▶ _AIM OF THE TASK_:
May I please have every record restated word for word, with the images left out?

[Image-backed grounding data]
★ ★ ★ ★

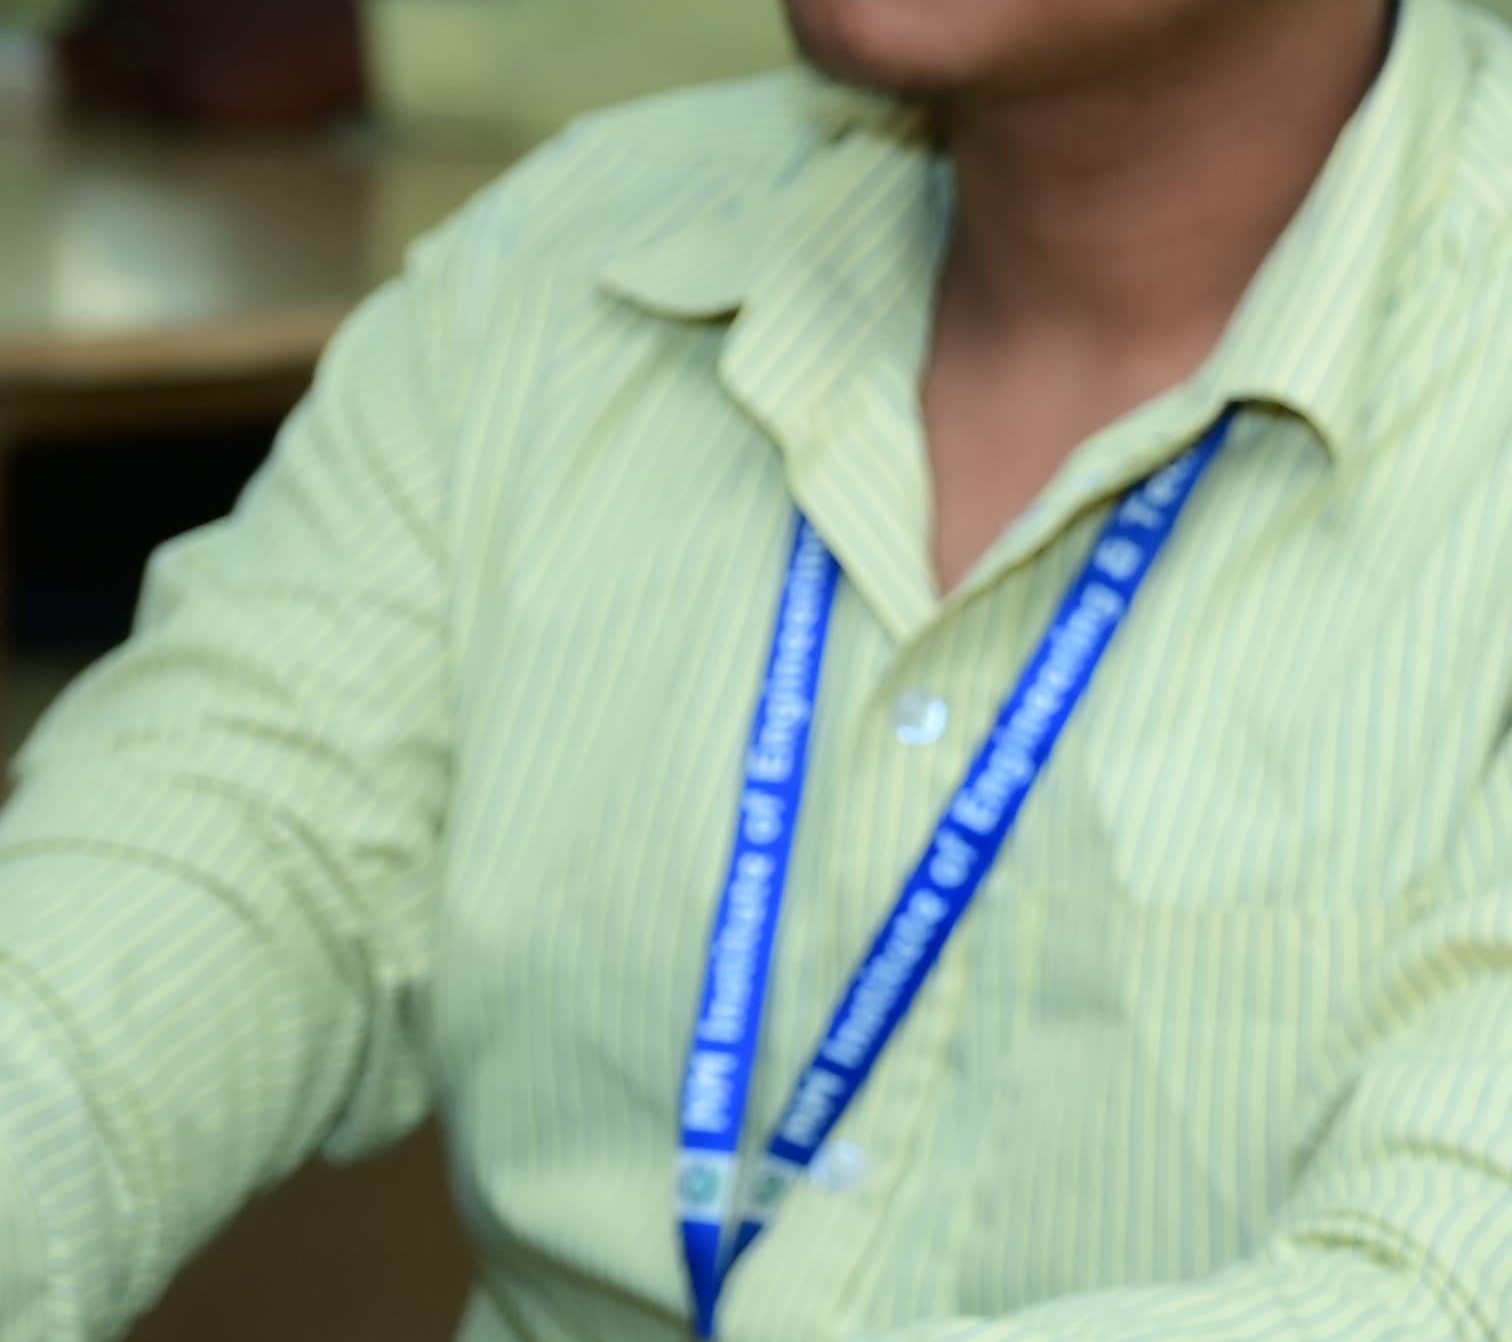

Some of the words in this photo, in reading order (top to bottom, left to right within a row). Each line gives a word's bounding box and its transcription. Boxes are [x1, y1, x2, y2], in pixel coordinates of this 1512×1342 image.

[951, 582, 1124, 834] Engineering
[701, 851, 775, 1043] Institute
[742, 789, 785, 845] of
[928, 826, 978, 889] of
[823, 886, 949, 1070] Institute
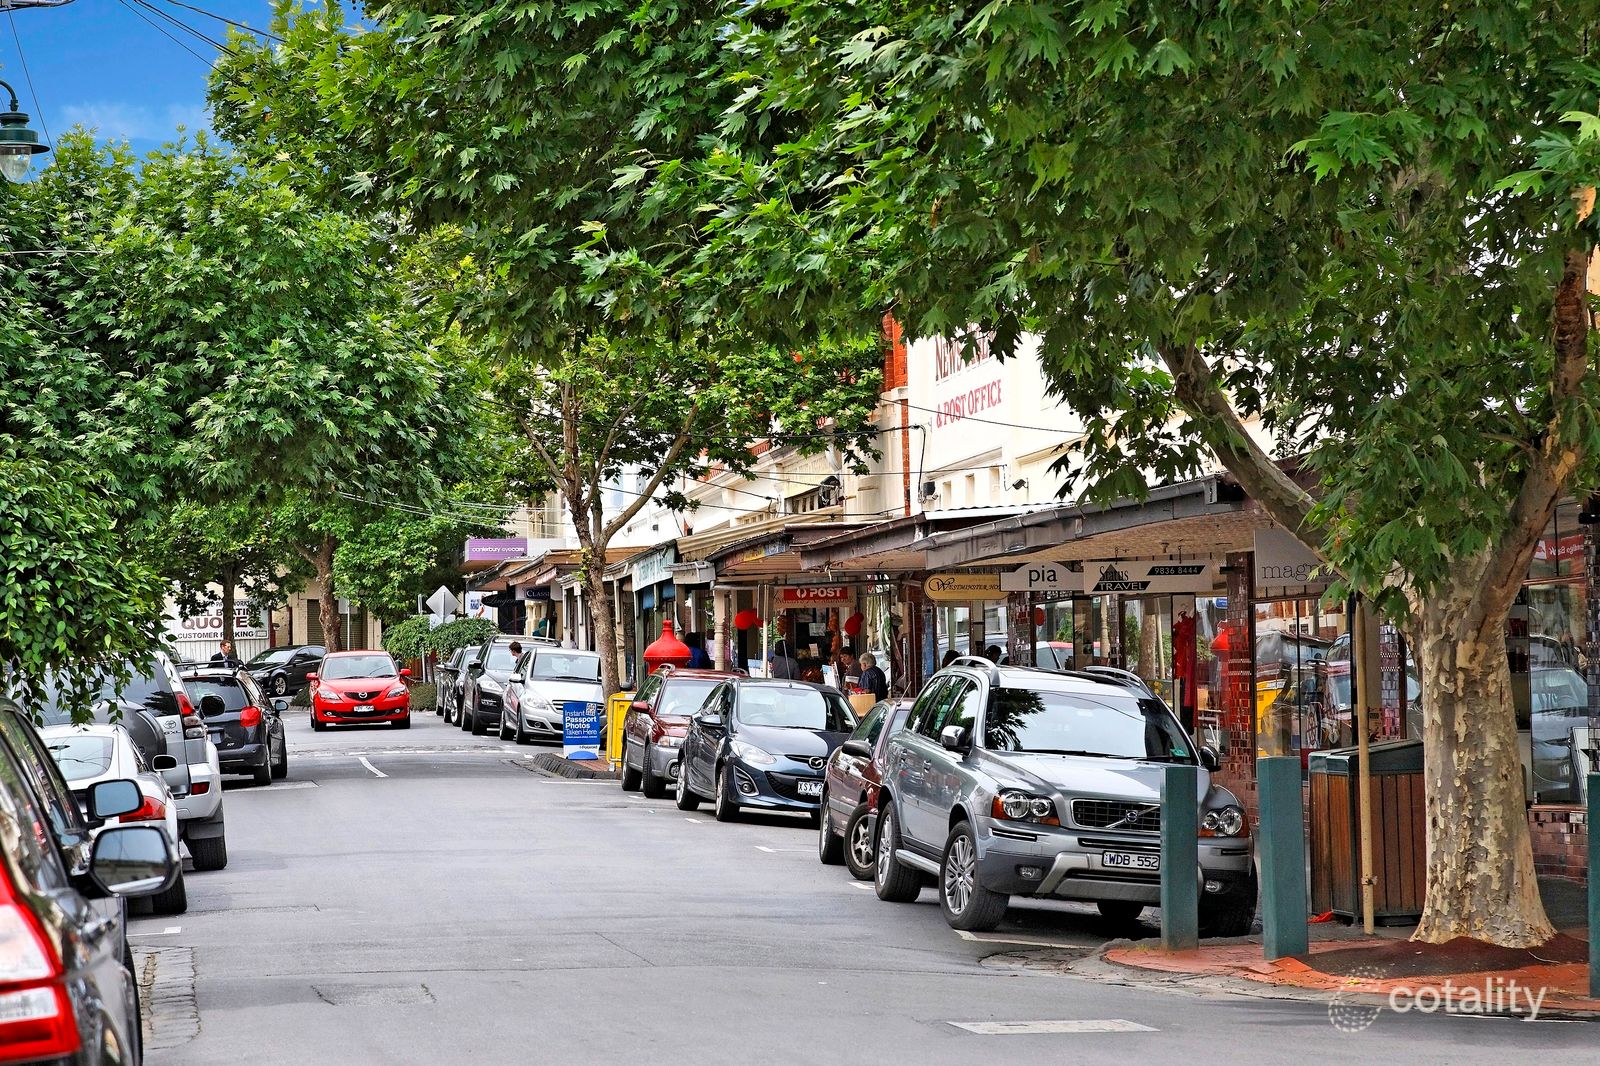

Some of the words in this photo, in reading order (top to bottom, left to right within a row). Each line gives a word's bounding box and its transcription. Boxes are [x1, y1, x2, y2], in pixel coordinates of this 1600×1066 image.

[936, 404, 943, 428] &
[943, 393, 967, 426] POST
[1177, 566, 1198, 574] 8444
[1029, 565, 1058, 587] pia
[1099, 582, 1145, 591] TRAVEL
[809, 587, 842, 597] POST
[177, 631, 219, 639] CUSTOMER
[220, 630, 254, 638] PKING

★ ★ ★ ★

▶ _TASK SOLUTION_:
Some of the words in this photo, in reading order (top to bottom, left to right within a row). Each line gives a word's bounding box and its transcription. Boxes are [x1, y1, x2, y2], in pixel coordinates of this 1512×1342 image.

[951, 582, 1124, 834] Engineering
[701, 851, 775, 1043] Institute
[742, 789, 785, 845] of
[928, 826, 978, 889] of
[823, 886, 949, 1070] Institute

Some of the words in this photo, in reading order (top to bottom, left to right within a row). Each line gives a word's bounding box and its transcription. Boxes are [x1, y1, x2, y2], in pixel coordinates of this 1600×1066 image.

[936, 404, 943, 428] &
[943, 393, 967, 426] POST
[1177, 566, 1198, 574] 8444
[1029, 565, 1058, 587] pia
[1099, 582, 1145, 591] TRAVEL
[809, 587, 842, 597] POST
[177, 631, 219, 639] CUSTOMER
[220, 630, 254, 638] PKING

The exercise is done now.